The reason people give gifts is to show appreciation for someone, to show they care, and to give them a boost, which, god knows, we all need sometimes. As much as we hate to admit it, material things can bring us pleasure. Sure, loving and being loved brings more pleasure – but who would deny that it’s nice to wear a sparkly bit of jewellery. Is that really such a crime?

So, let me explain my own situation regarding my ‘push present’. I neither asked for one, nor expected it, nor advertised it to my friends. I certainly didn’t have Goldmark on speed dial when I gave birth. No, my husband, off his own bat, went and found a beautiful ring and presented me with it a few weeks after the birth, a time when I was still feeling pretty sore and sorry, and living in the fog of 3 – 4 feeds per night. Let’s just say, it was a lovely gesture at a time when I needed it. To me, the ring symbolised my husband’s appreciation for the 9 months of nausea, heartburn, leg cramps, weight gain and tiredness I’d been through – not to mention the 12 hour labour at the end, complete with an episiotomy. It was also a symbol of the absolute joy and euphoria we both felt when our precious girl was born. Every time I look at that ring, I’m transported back to that day and the joyful memories it holds. Not that I necessarily need a reminder – every time my daughter opens her mouth (which is A LOT) I’m reminded of our luck. BUT – it is nice to have something to carry with me. Just as some men get their kids names tattooed on their leg/arm/wherever – my ring is a reminder, for me, of just how lucky I am. Ultimately, the idea is that this piece of jewellery will become a family heirloom. One day I will give this ring to my daughter for her to carry around as a reminder of her Mum and Dad – and just how much we loved her. Yes, yes I know she will carry memories of us in her head – but as I say – what’s wrong with having a concrete symbol as well? Ever heard of a possession having ‘sentimental value’ – well, that’s what this is.
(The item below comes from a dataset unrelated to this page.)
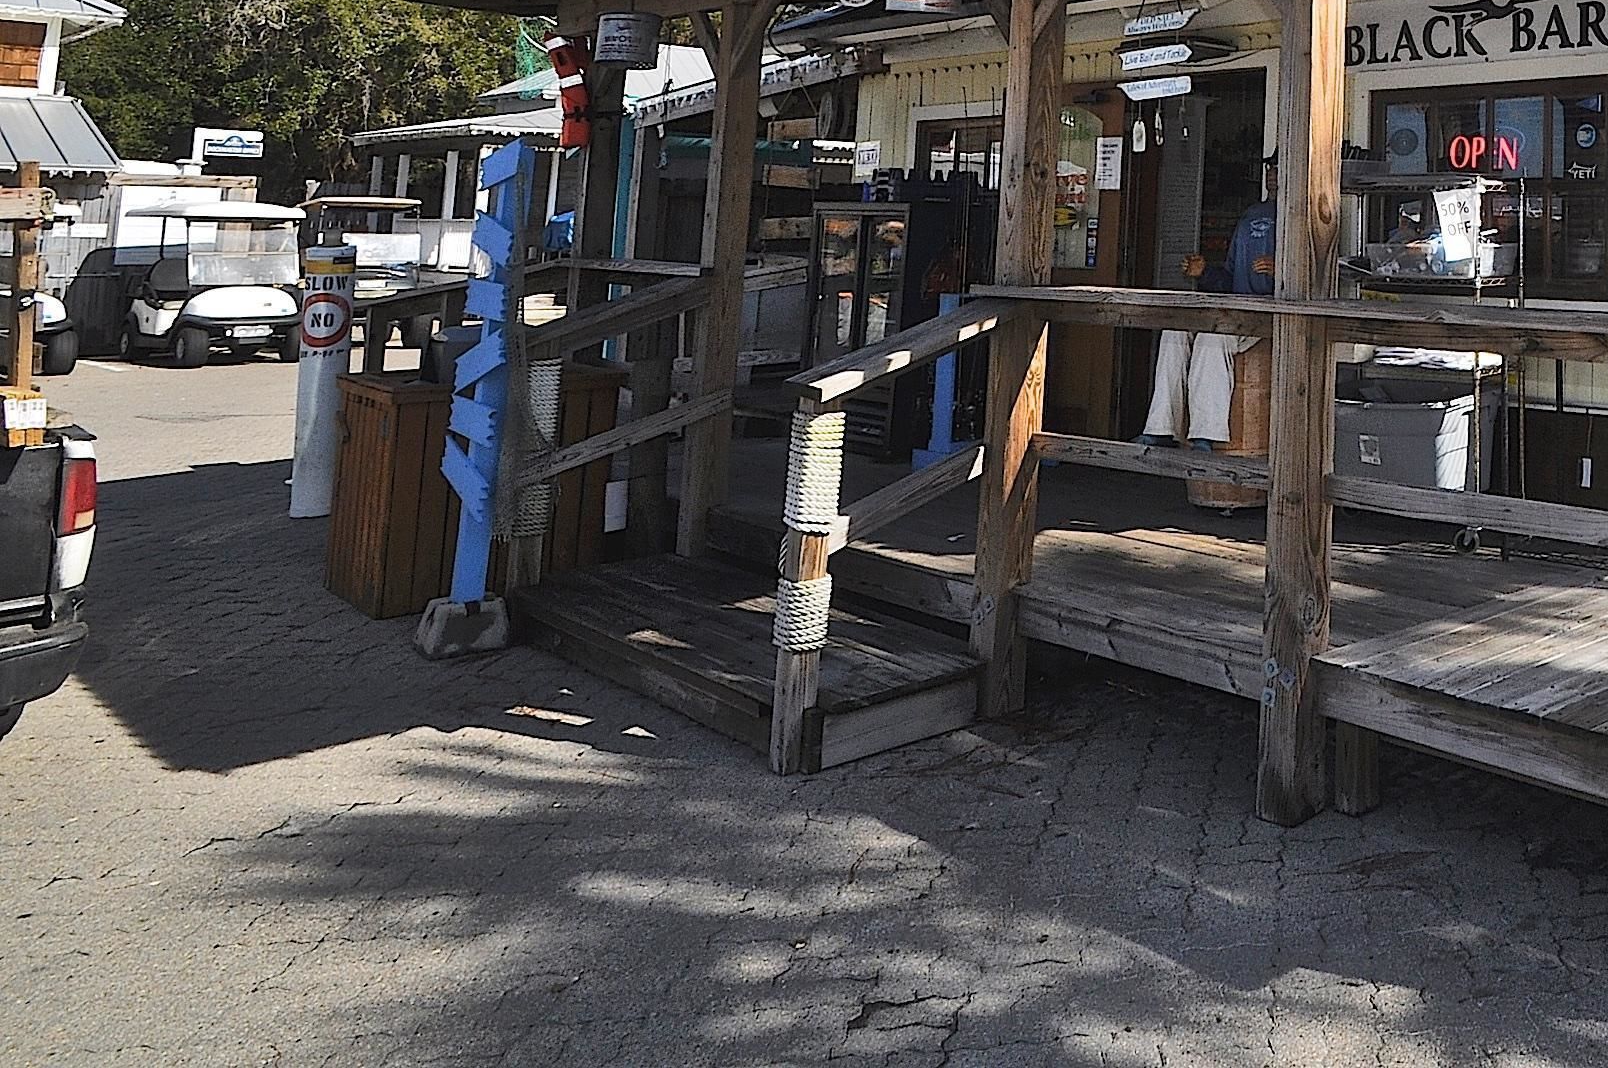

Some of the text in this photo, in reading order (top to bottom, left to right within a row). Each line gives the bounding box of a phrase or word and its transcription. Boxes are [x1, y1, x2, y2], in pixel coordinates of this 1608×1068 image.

As for the ‘push present’ being an ‘appalling new trend’, I have to disagree. It’s a tradition that’s been around a long while, it just went under a nicer name, called an eternity ring – and I don’t hear anyone accusing their mothers and grandmothers for being ‘crass’ for receiving one.

Ultimately, I think it’s up to every individual couple. If you give a donation to charity to celebrate your child’s birth – great. If you get a bunch of flowers – terrific. If someone gives you a voucher for a massage – fantastic. If your husband gives you a ring – fine. I don’t think it makes you a criminal, unless of course, you steal it.



2 Responses to “‘Push Presents’ – Tacky or Tasteful”

  1. Anonymous May 18, 2011 at 3:46 am #

    well technically it would make your husband the criminal because he might have stolen it….then it would become a "hot push present" which sounds very uninviting….

  2. Miss T May 18, 2011 at 5:56 am #

    Well said. The first thing I thought when I read this was "But, I would like an eternity ring.. I thought that was tradition?" Have to say the term "push present" sounds awful, but there's nothing wrong with the sentiment. I also don't think there's anything wrong with a party or renewing your vows. We have a dinner to celebrate our anniversary with our close friends each year (have only been married for 2 years). I didn't think that was wrong. We wanted to celebrate with people. That said, we don't give each other anniversary gifts and that's usually considered convention. So maybe we're just weird… T.